Spatial localization data ::
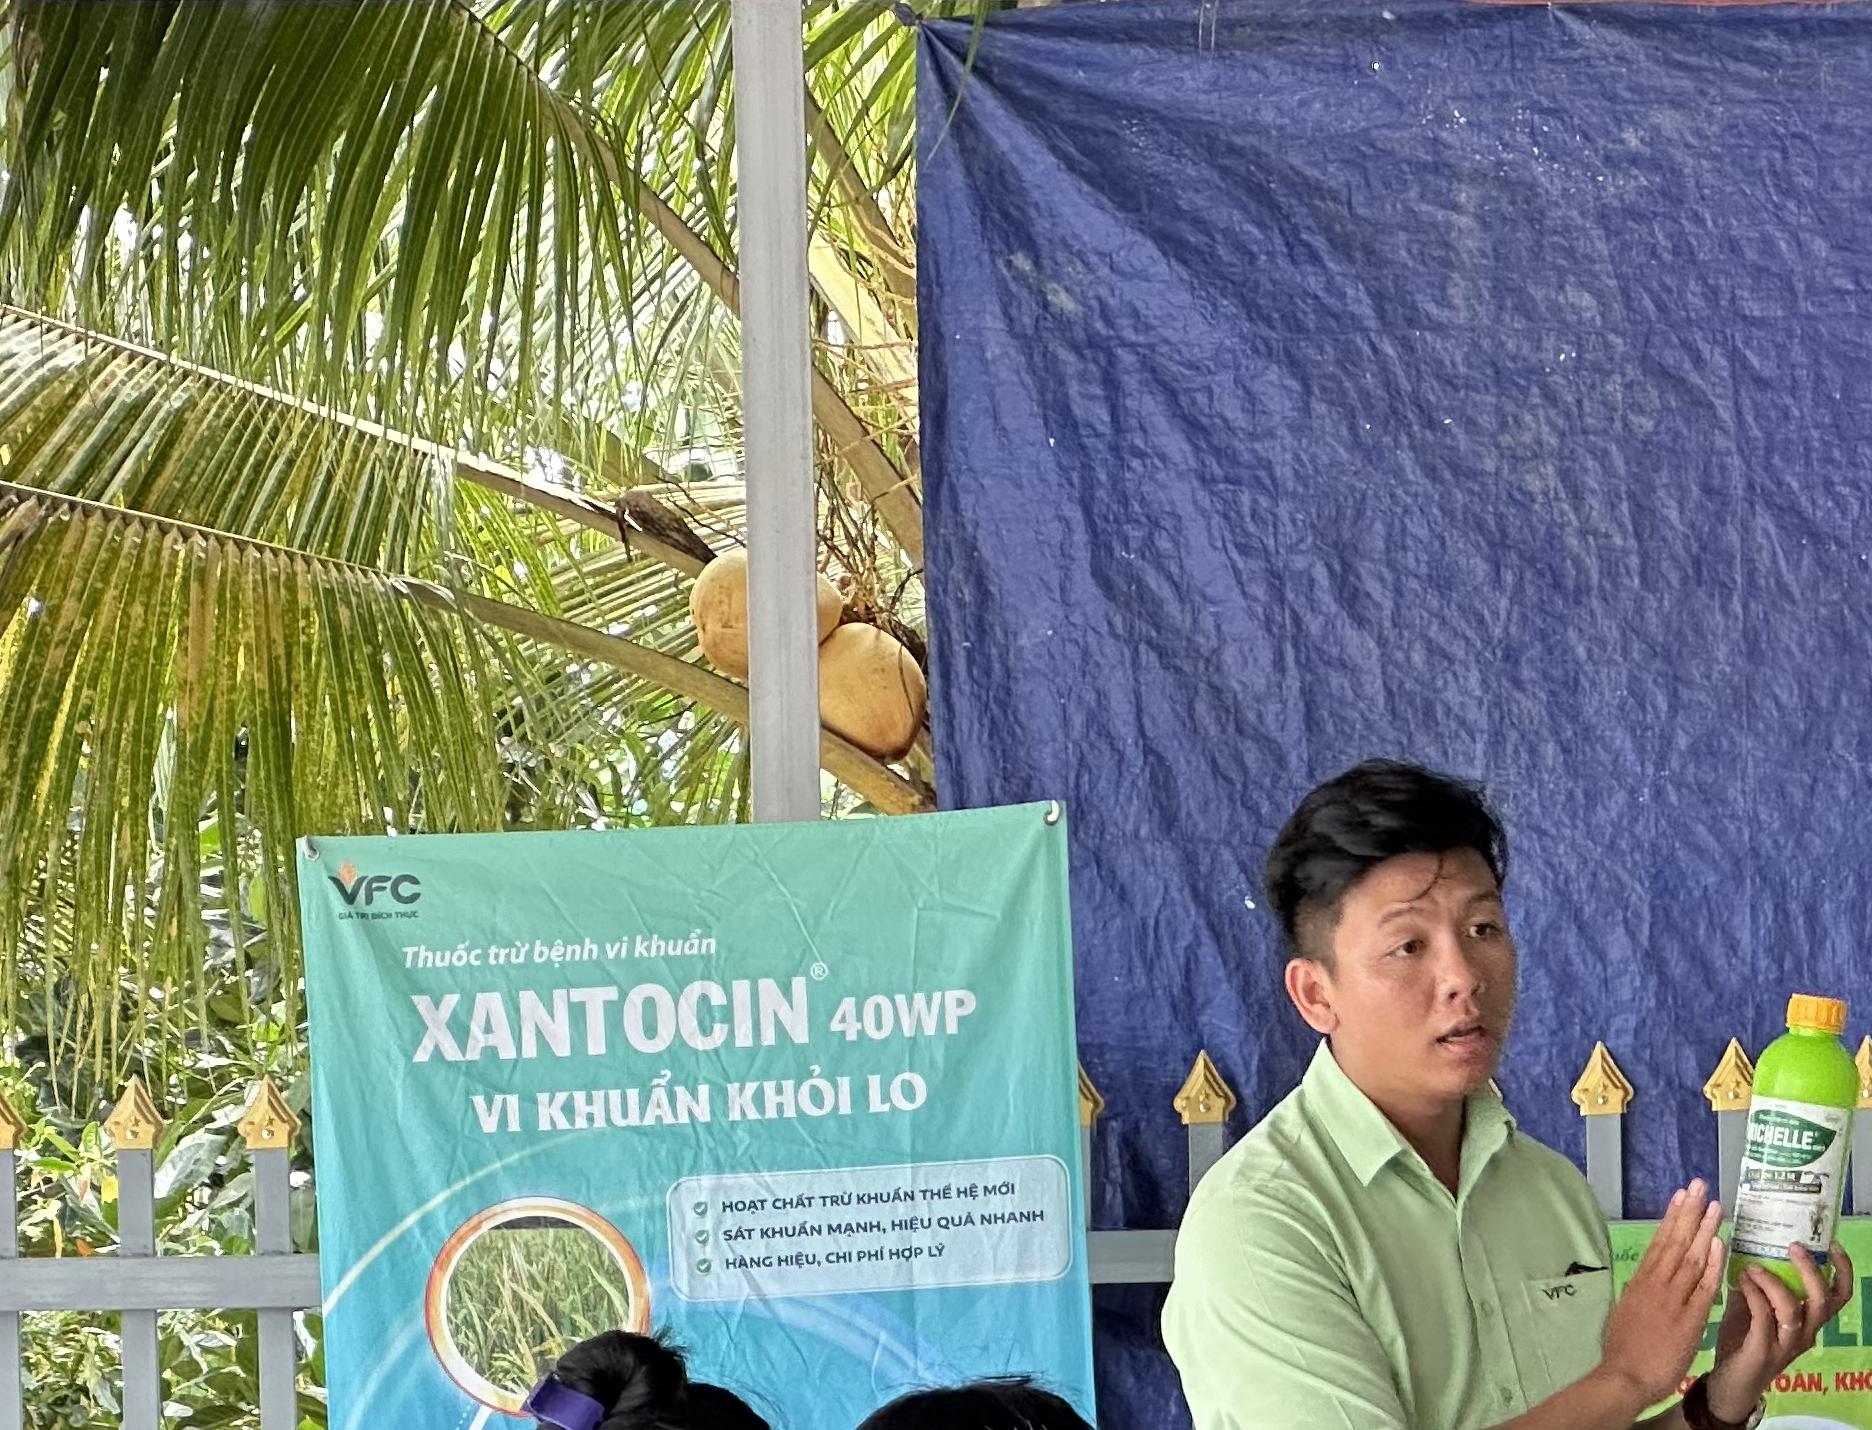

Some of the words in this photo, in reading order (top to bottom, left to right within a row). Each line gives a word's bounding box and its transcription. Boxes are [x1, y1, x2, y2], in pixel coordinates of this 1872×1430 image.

[327, 873, 422, 906] VFC
[402, 939, 483, 968] Thuốc
[487, 942, 530, 965] trừ
[532, 937, 599, 967] bệnh
[605, 936, 627, 959] vi
[830, 990, 976, 1042] 40WP
[471, 1095, 521, 1134] VI
[536, 1070, 711, 1132] KHUẨN
[727, 1065, 851, 1120] KHỎI
[868, 1071, 928, 1112] LO
[722, 1199, 767, 1215] HOẠT
[956, 1183, 978, 1200] HỆ
[983, 1181, 1015, 1197] MỚI
[723, 1226, 755, 1241] SÁT
[891, 1216, 932, 1233] HIỆU
[937, 1212, 976, 1230] QUẢ
[980, 1210, 1044, 1225] NHANH
[725, 1254, 773, 1270] HÀNG
[825, 1251, 853, 1264] CHI
[857, 1246, 884, 1262] PHÍ
[889, 1246, 923, 1262] HỢP
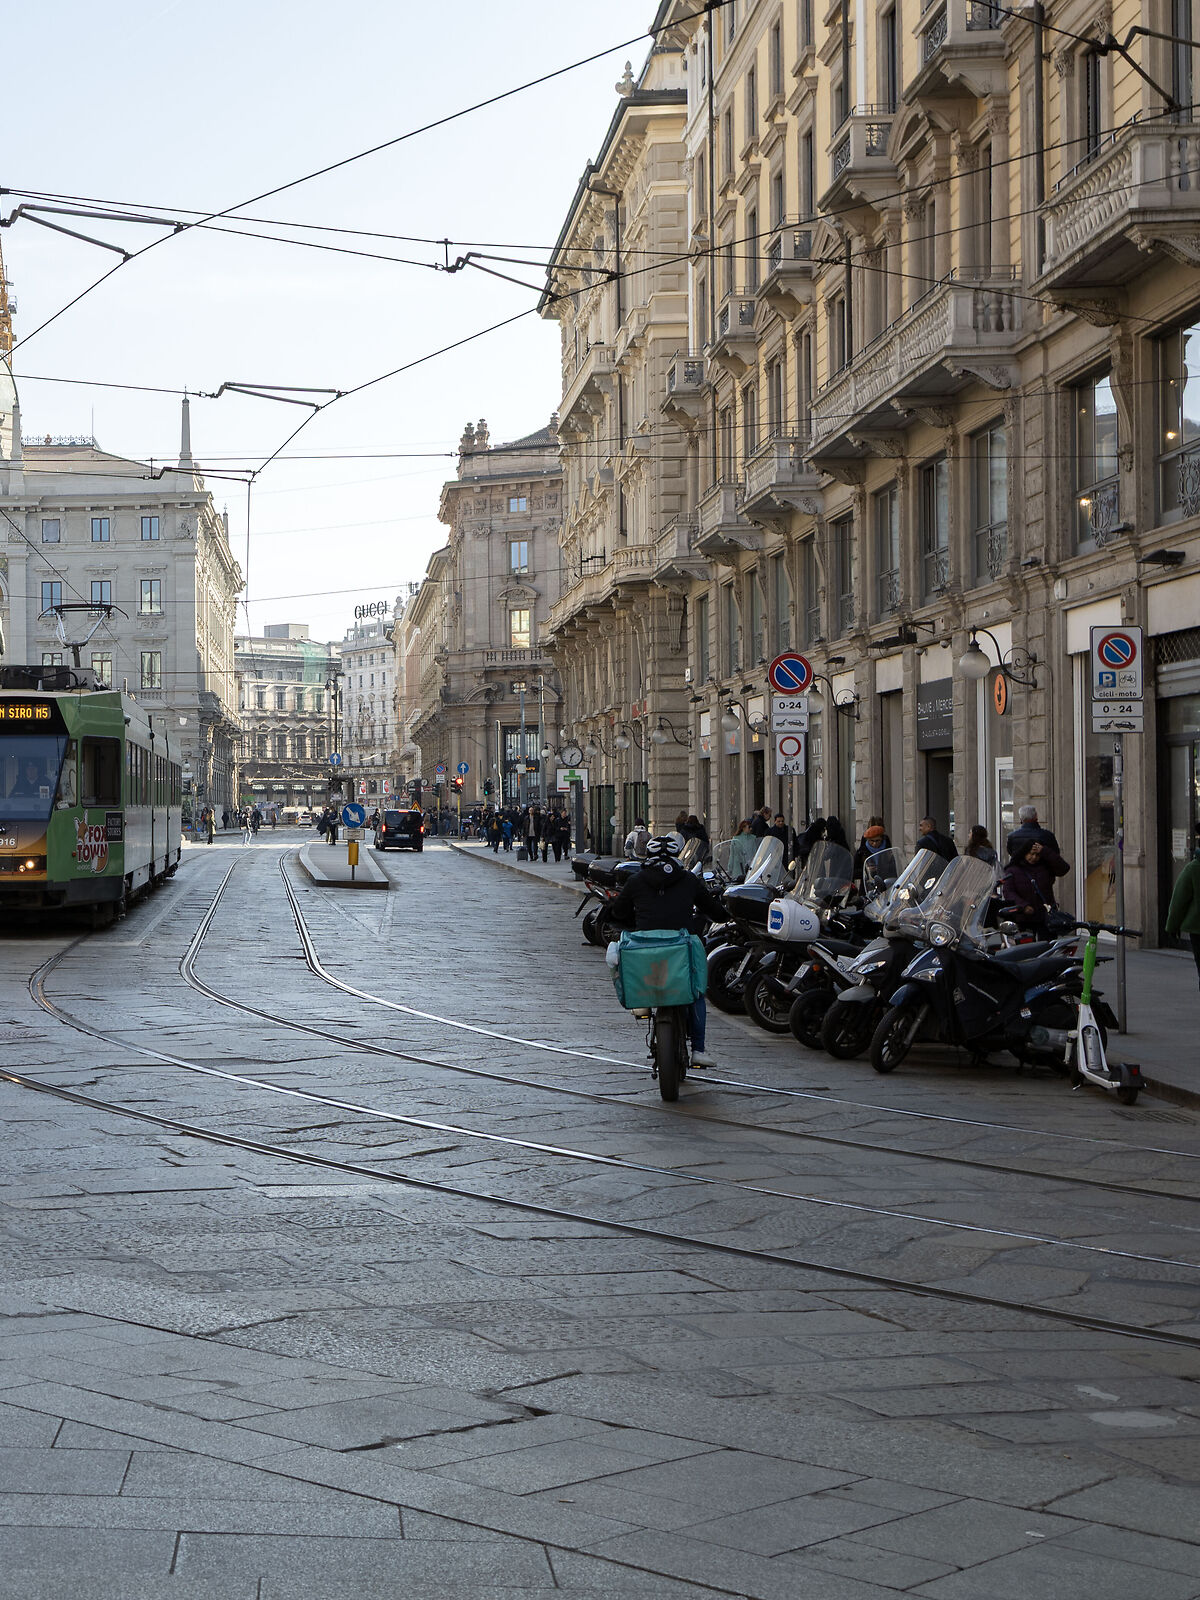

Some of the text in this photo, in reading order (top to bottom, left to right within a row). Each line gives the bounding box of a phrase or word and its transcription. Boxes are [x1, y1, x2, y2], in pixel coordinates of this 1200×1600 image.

[354, 600, 388, 620] GUCCI
[8, 707, 32, 719] SIRO
[35, 707, 49, 719] M5
[778, 701, 802, 710] 0-24
[88, 825, 108, 843] FOX
[77, 843, 109, 862] TOWN
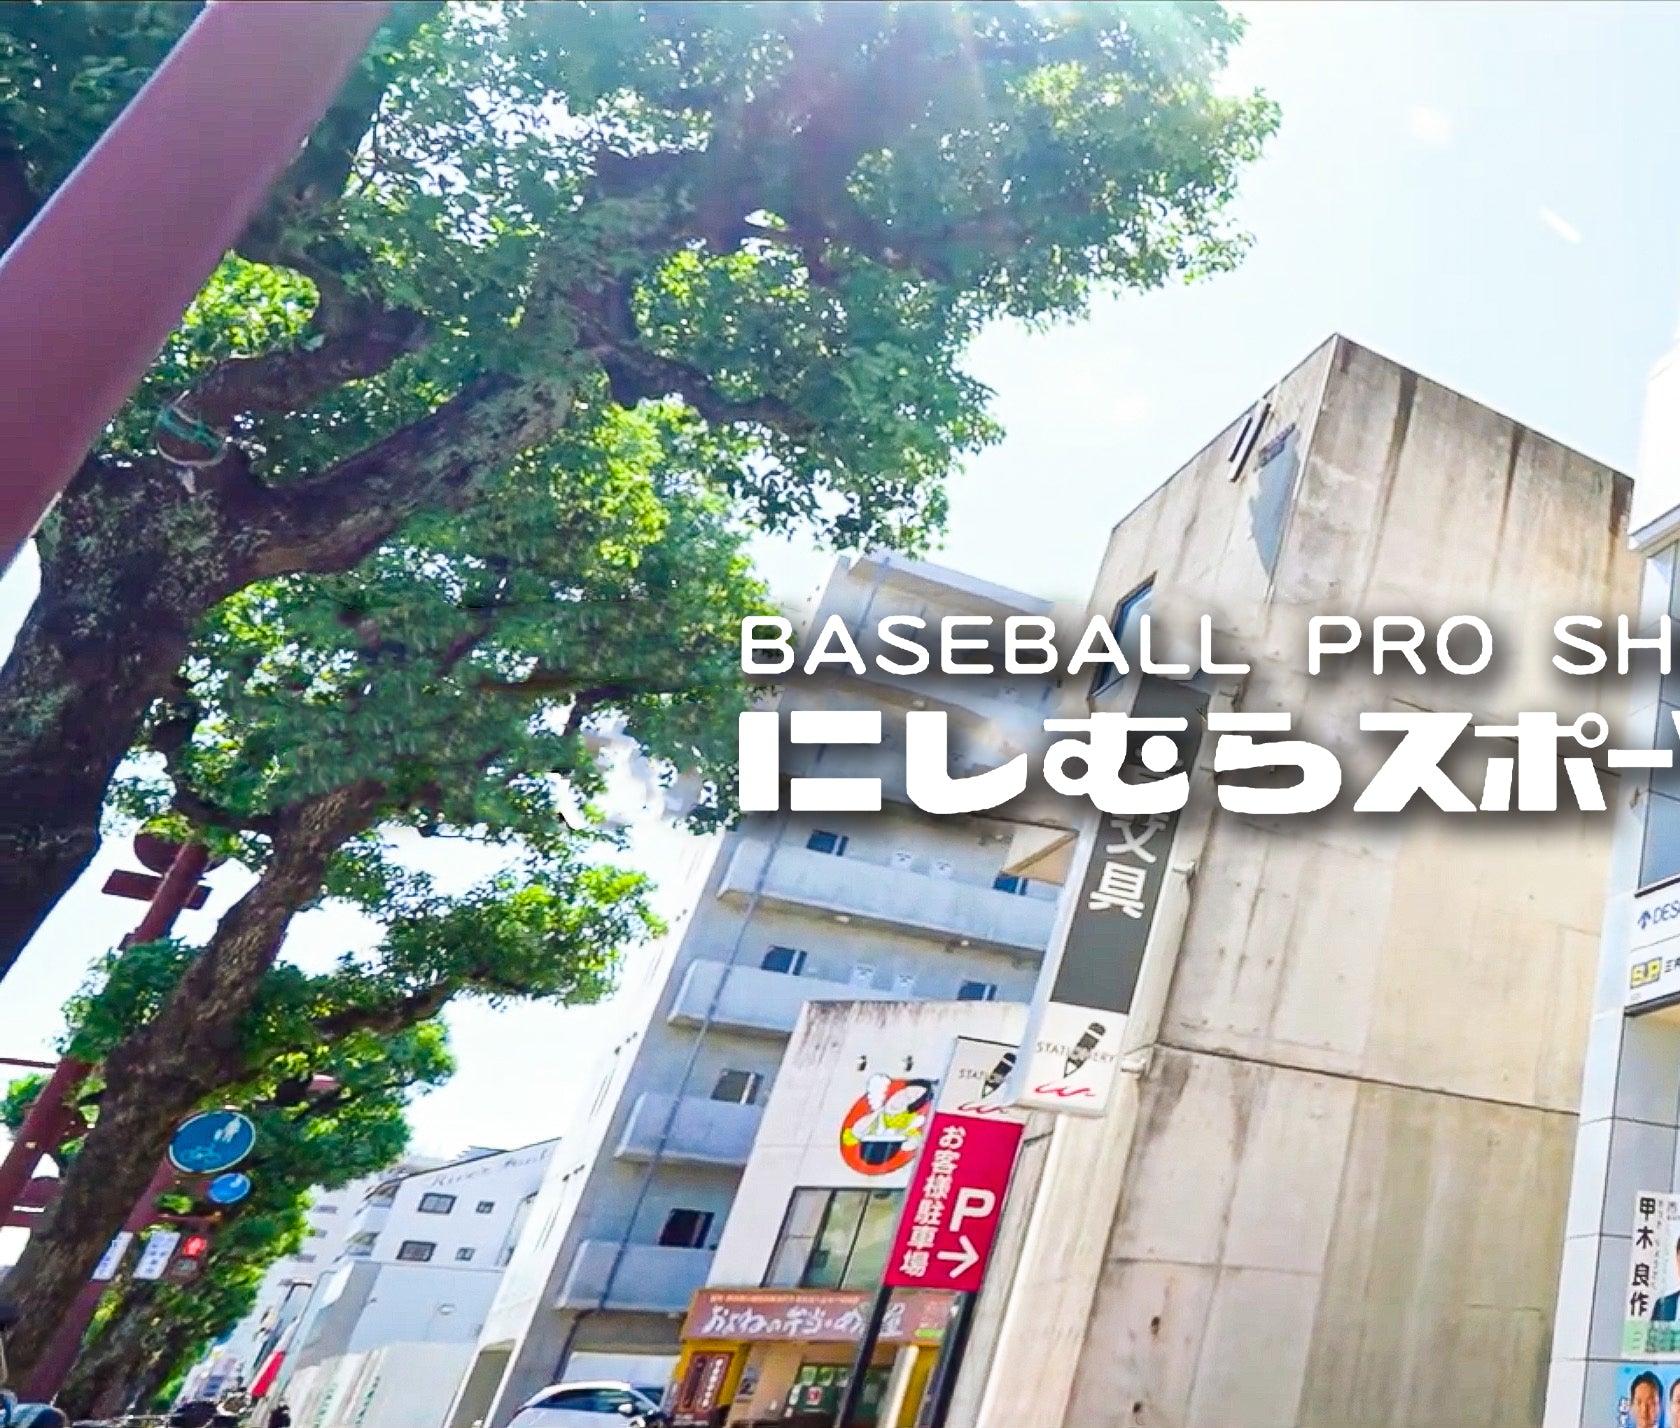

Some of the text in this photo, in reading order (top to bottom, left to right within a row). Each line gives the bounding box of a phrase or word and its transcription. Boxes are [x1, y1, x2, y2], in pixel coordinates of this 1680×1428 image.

[899, 1125, 964, 1278] お客様駐車場
[949, 1187, 995, 1233] P

WHAT TO PRODUCE ::
Starting at the line with "this 1680×1428 image.", copy every line down to the last one above, exactly as written and with nothing else.

REPLY ::
Some of the text in this photo, in reading order (top to bottom, left to right within a row). Each line gives the bounding box of a phrase or word and its transcription. Boxes are [x1, y1, x2, y2], in pixel coordinates of this 1680×1428 image.

[899, 1125, 964, 1278] お客様駐車場
[949, 1187, 995, 1233] P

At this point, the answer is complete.